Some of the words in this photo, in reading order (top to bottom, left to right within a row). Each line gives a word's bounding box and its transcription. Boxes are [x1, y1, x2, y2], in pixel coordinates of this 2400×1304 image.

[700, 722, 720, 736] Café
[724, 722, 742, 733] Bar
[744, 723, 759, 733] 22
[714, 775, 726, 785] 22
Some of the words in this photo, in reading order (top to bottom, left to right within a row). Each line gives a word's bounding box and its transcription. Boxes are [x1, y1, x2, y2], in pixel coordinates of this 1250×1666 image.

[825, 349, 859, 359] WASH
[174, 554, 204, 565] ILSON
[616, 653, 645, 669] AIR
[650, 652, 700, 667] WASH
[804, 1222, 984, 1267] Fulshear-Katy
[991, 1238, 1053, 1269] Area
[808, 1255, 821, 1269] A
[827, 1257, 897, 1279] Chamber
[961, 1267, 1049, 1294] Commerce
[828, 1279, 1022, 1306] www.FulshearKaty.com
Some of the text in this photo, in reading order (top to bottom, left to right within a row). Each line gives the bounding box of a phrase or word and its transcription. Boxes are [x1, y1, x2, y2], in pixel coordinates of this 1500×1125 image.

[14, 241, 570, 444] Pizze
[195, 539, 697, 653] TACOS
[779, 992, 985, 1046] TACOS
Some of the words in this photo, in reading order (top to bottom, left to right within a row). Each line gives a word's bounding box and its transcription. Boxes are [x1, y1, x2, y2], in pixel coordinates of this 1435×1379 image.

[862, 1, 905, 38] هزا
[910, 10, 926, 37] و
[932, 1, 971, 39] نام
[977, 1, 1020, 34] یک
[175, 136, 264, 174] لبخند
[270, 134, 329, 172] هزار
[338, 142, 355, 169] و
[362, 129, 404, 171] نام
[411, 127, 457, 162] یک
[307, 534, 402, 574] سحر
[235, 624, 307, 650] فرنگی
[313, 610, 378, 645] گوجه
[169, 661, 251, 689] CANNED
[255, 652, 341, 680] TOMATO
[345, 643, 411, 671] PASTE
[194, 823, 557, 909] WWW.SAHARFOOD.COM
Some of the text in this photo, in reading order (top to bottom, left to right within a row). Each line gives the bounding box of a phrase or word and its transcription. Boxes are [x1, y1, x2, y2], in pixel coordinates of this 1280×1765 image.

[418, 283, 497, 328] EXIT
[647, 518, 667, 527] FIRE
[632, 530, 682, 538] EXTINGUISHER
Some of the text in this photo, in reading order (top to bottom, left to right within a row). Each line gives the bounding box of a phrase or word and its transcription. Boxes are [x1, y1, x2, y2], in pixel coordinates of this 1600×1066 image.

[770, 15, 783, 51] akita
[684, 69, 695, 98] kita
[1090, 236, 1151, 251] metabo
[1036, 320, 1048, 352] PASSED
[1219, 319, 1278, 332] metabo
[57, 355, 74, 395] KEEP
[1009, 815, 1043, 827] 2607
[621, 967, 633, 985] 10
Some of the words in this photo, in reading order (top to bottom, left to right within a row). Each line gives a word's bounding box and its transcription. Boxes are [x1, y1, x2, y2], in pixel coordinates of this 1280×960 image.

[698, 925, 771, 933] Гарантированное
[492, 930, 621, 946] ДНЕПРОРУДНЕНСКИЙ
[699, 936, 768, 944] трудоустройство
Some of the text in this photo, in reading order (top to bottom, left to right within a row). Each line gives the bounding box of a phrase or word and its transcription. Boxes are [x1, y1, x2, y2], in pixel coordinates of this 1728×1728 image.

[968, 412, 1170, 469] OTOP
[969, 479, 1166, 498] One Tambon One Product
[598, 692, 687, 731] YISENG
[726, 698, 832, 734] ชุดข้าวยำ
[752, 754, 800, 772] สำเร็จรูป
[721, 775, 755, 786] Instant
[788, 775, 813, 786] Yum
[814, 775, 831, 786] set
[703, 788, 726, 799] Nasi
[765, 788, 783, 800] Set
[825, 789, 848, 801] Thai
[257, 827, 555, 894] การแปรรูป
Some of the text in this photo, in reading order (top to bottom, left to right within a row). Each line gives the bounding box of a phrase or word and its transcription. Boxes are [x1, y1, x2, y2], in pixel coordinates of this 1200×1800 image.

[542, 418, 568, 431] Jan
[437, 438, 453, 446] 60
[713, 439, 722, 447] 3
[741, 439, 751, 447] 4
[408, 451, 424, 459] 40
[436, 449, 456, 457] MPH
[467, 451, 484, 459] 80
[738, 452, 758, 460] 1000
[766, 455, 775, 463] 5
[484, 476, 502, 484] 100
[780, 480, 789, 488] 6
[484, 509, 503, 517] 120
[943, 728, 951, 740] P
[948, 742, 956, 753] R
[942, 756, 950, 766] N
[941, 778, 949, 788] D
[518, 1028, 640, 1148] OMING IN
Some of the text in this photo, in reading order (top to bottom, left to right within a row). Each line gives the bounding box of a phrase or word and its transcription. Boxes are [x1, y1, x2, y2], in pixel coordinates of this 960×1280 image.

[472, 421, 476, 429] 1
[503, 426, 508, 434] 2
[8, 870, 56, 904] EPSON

····················

* What to do:
Without changing a single character, repeat each record.

* Response to the exercise:
Some of the words in this photo, in reading order (top to bottom, left to right within a row). Each line gives a word's bounding box and its transcription. Boxes are [x1, y1, x2, y2], in pixel coordinates of this 2400×1304 image.

[700, 722, 720, 736] Café
[724, 722, 742, 733] Bar
[744, 723, 759, 733] 22
[714, 775, 726, 785] 22
Some of the words in this photo, in reading order (top to bottom, left to right within a row). Each line gives a word's bounding box and its transcription. Boxes are [x1, y1, x2, y2], in pixel coordinates of this 1250×1666 image.

[825, 349, 859, 359] WASH
[174, 554, 204, 565] ILSON
[616, 653, 645, 669] AIR
[650, 652, 700, 667] WASH
[804, 1222, 984, 1267] Fulshear-Katy
[991, 1238, 1053, 1269] Area
[808, 1255, 821, 1269] A
[827, 1257, 897, 1279] Chamber
[961, 1267, 1049, 1294] Commerce
[828, 1279, 1022, 1306] www.FulshearKaty.com
Some of the text in this photo, in reading order (top to bottom, left to right within a row). Each line gives the bounding box of a phrase or word and its transcription. Boxes are [x1, y1, x2, y2], in pixel coordinates of this 1500×1125 image.

[14, 241, 570, 444] Pizze
[195, 539, 697, 653] TACOS
[779, 992, 985, 1046] TACOS
Some of the words in this photo, in reading order (top to bottom, left to right within a row). Each line gives a word's bounding box and its transcription. Boxes are [x1, y1, x2, y2], in pixel coordinates of this 1435×1379 image.

[862, 1, 905, 38] هزا
[910, 10, 926, 37] و
[932, 1, 971, 39] نام
[977, 1, 1020, 34] یک
[175, 136, 264, 174] لبخند
[270, 134, 329, 172] هزار
[338, 142, 355, 169] و
[362, 129, 404, 171] نام
[411, 127, 457, 162] یک
[307, 534, 402, 574] سحر
[235, 624, 307, 650] فرنگی
[313, 610, 378, 645] گوجه
[169, 661, 251, 689] CANNED
[255, 652, 341, 680] TOMATO
[345, 643, 411, 671] PASTE
[194, 823, 557, 909] WWW.SAHARFOOD.COM
Some of the text in this photo, in reading order (top to bottom, left to right within a row). Each line gives the bounding box of a phrase or word and its transcription. Boxes are [x1, y1, x2, y2], in pixel coordinates of this 1280×1765 image.

[418, 283, 497, 328] EXIT
[647, 518, 667, 527] FIRE
[632, 530, 682, 538] EXTINGUISHER
Some of the text in this photo, in reading order (top to bottom, left to right within a row). Each line gives the bounding box of a phrase or word and its transcription. Boxes are [x1, y1, x2, y2], in pixel coordinates of this 1600×1066 image.

[770, 15, 783, 51] akita
[684, 69, 695, 98] kita
[1090, 236, 1151, 251] metabo
[1036, 320, 1048, 352] PASSED
[1219, 319, 1278, 332] metabo
[57, 355, 74, 395] KEEP
[1009, 815, 1043, 827] 2607
[621, 967, 633, 985] 10
Some of the words in this photo, in reading order (top to bottom, left to right within a row). Each line gives a word's bounding box and its transcription. Boxes are [x1, y1, x2, y2], in pixel coordinates of this 1280×960 image.

[698, 925, 771, 933] Гарантированное
[492, 930, 621, 946] ДНЕПРОРУДНЕНСКИЙ
[699, 936, 768, 944] трудоустройство
Some of the text in this photo, in reading order (top to bottom, left to right within a row). Each line gives the bounding box of a phrase or word and its transcription. Boxes are [x1, y1, x2, y2], in pixel coordinates of this 1728×1728 image.

[968, 412, 1170, 469] OTOP
[969, 479, 1166, 498] One Tambon One Product
[598, 692, 687, 731] YISENG
[726, 698, 832, 734] ชุดข้าวยำ
[752, 754, 800, 772] สำเร็จรูป
[721, 775, 755, 786] Instant
[788, 775, 813, 786] Yum
[814, 775, 831, 786] set
[703, 788, 726, 799] Nasi
[765, 788, 783, 800] Set
[825, 789, 848, 801] Thai
[257, 827, 555, 894] การแปรรูป
Some of the text in this photo, in reading order (top to bottom, left to right within a row). Each line gives the bounding box of a phrase or word and its transcription. Boxes are [x1, y1, x2, y2], in pixel coordinates of this 1200×1800 image.

[542, 418, 568, 431] Jan
[437, 438, 453, 446] 60
[713, 439, 722, 447] 3
[741, 439, 751, 447] 4
[408, 451, 424, 459] 40
[436, 449, 456, 457] MPH
[467, 451, 484, 459] 80
[738, 452, 758, 460] 1000
[766, 455, 775, 463] 5
[484, 476, 502, 484] 100
[780, 480, 789, 488] 6
[484, 509, 503, 517] 120
[943, 728, 951, 740] P
[948, 742, 956, 753] R
[942, 756, 950, 766] N
[941, 778, 949, 788] D
[518, 1028, 640, 1148] OMING IN
Some of the text in this photo, in reading order (top to bottom, left to right within a row). Each line gives the bounding box of a phrase or word and its transcription. Boxes are [x1, y1, x2, y2], in pixel coordinates of this 960×1280 image.

[472, 421, 476, 429] 1
[503, 426, 508, 434] 2
[8, 870, 56, 904] EPSON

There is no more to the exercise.